The bill would forbid state employees from participating in federally mandated insurance exchanges, and reimburse individuals in the form of a state tax deduction for any federal tax penalties they incur for not buying health insurance.
The bill, which easily passed South Carolina’s House of Representatives in April on a 65-34 vote, would “render null and void certain unconstitutional laws enacted by the Congress of the United States taking control over the health insurance industry and mandating that individuals purchase health insurance under threat of penalty.”
The bill would also “prohibit certain individuals from enforcing or attempting to enforce such unconstitutional laws, and to establish criminal penalties and civil liability for violating this article.”
It also instructs the state attorney general to “bring an action” if there is “reasonable cause to believe that a person or business is being harmed by implementation of the Patient Protection and Affordable Care Act.”
State senators are also considering adding additional provisions that would outlaw Medicaid expansion and suspend the state licenses of any insurers who receive Obamacare subsidies.

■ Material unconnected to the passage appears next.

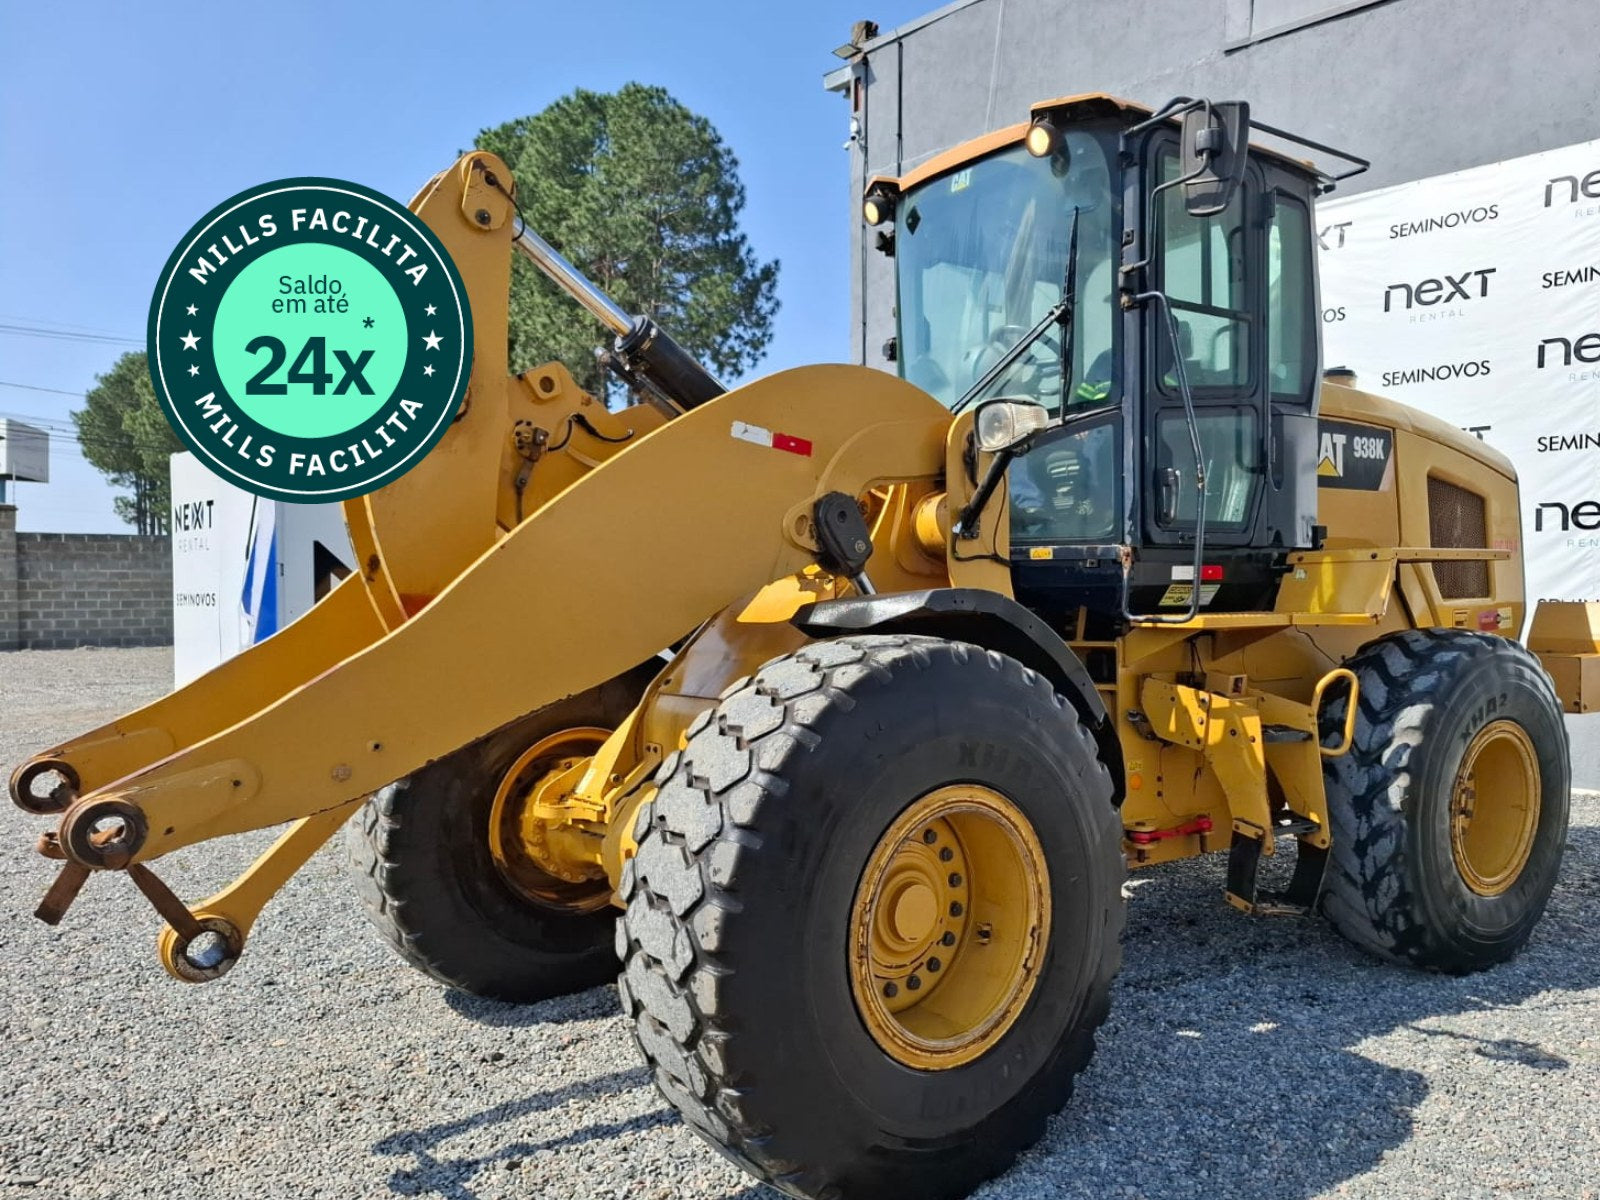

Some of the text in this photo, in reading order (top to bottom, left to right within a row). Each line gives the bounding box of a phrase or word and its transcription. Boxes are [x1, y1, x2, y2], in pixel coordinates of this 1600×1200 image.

Liberals of course would claim that these sorts of laws are stupid, dumb and unconstitutional, because they attempt to override what the feds have already declared to be the law. What the feds decide by fiat is the “law of the land,” they’d tell us. “Don’t these racist tea partiers know anything about the ‘supremacy clause?’”
The so-called “supremacy clause” is taken from Article VI of the Constitution. It reads:
“This Constitution, and the Laws of the United States which shall be made in pursuance thereof; and all treaties made, or which shall be made, under the authority of the United States, shall be the supreme law of the land; and the judges in every state shall be bound thereby, anything in the constitution or laws of any state to the contrary notwithstanding.” [Emphasis mine]

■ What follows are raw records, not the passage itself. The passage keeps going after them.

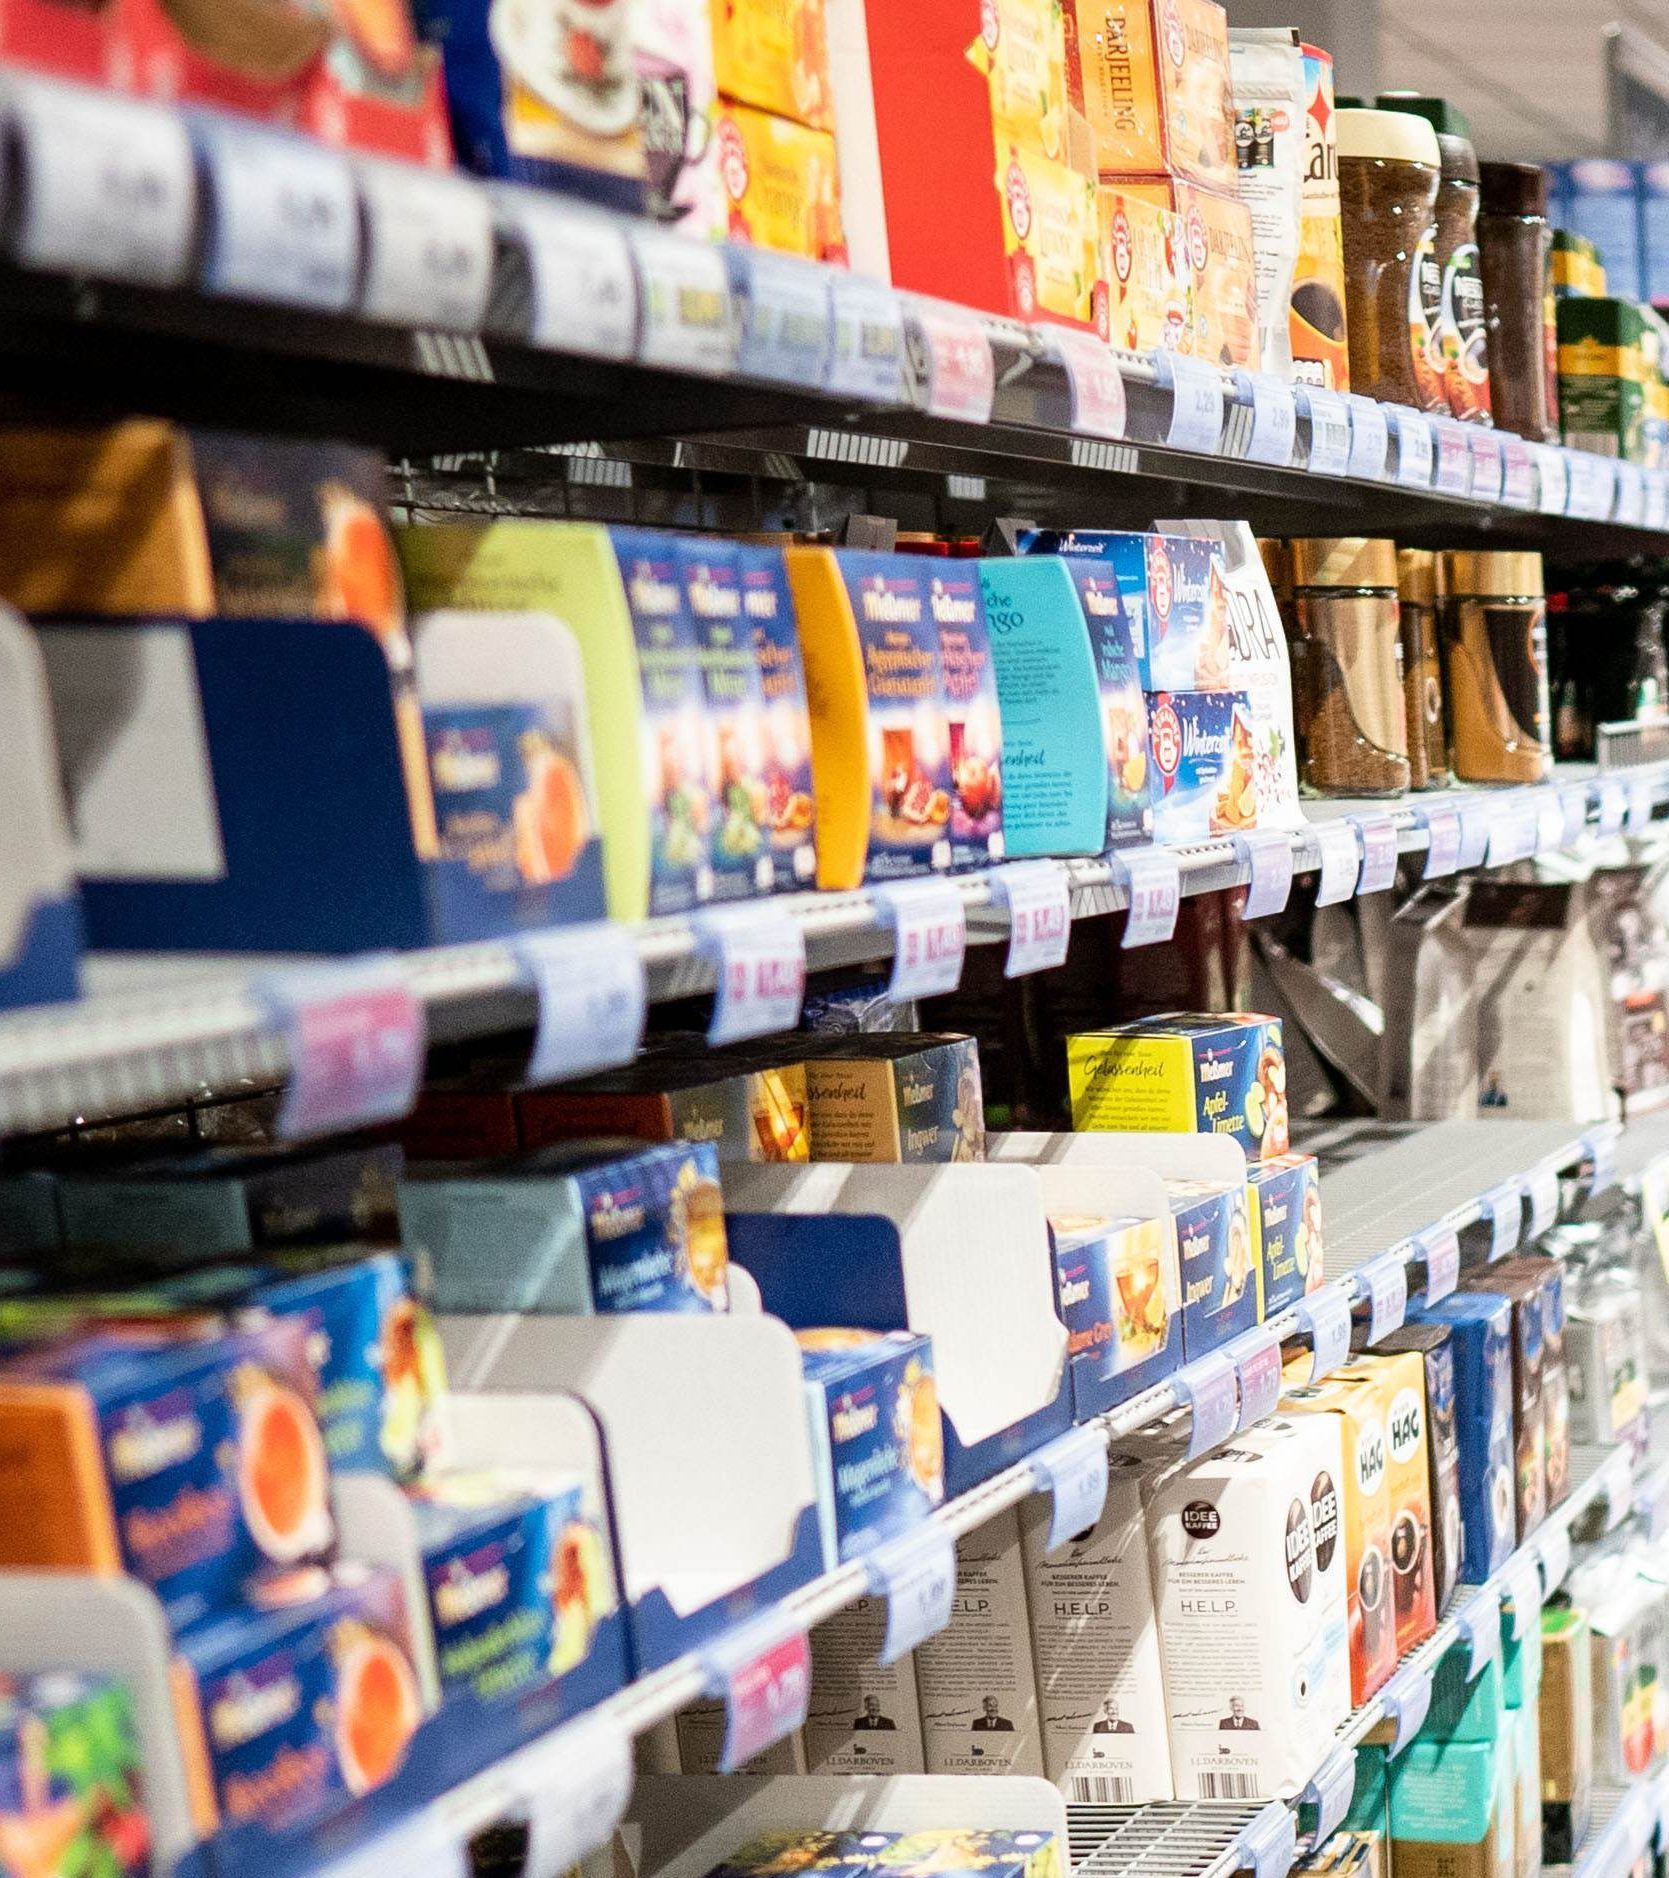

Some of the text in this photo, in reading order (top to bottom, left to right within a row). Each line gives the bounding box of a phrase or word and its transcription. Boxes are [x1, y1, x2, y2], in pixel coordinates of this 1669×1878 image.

[1103, 16, 1137, 134] DARJEELING
[1183, 1510, 1218, 1522] IDEE
[952, 1600, 992, 1613] E.L.P.
[1053, 1602, 1112, 1616] H.E.L.P.
[1180, 1600, 1239, 1613] H.E.L.P.

The key phrase is “…which shall be made in pursuance thereof…” Made in pursuance of what? The Constitution. So what if a law is not made in pursuance of the Constitution, regardless of what judges have opined? Then, the law should be considered null and void.
Any federal law restricting or regulating healthcare or insurance is unconstitutional, because the Constitution does not grant the feds any such authority. If the federal government is enacting laws and creating agencies in direct opposition to what the Constitution says, they’re the ones in violation. They’re the ones that are unconstitutional.
Since the Constitution doesn’t grant these authorities to the feds, the states are sovereign.
I’m hoping South Carolina is successful in nullifying the feds’ power grab over its citizens and that more states will soon follow.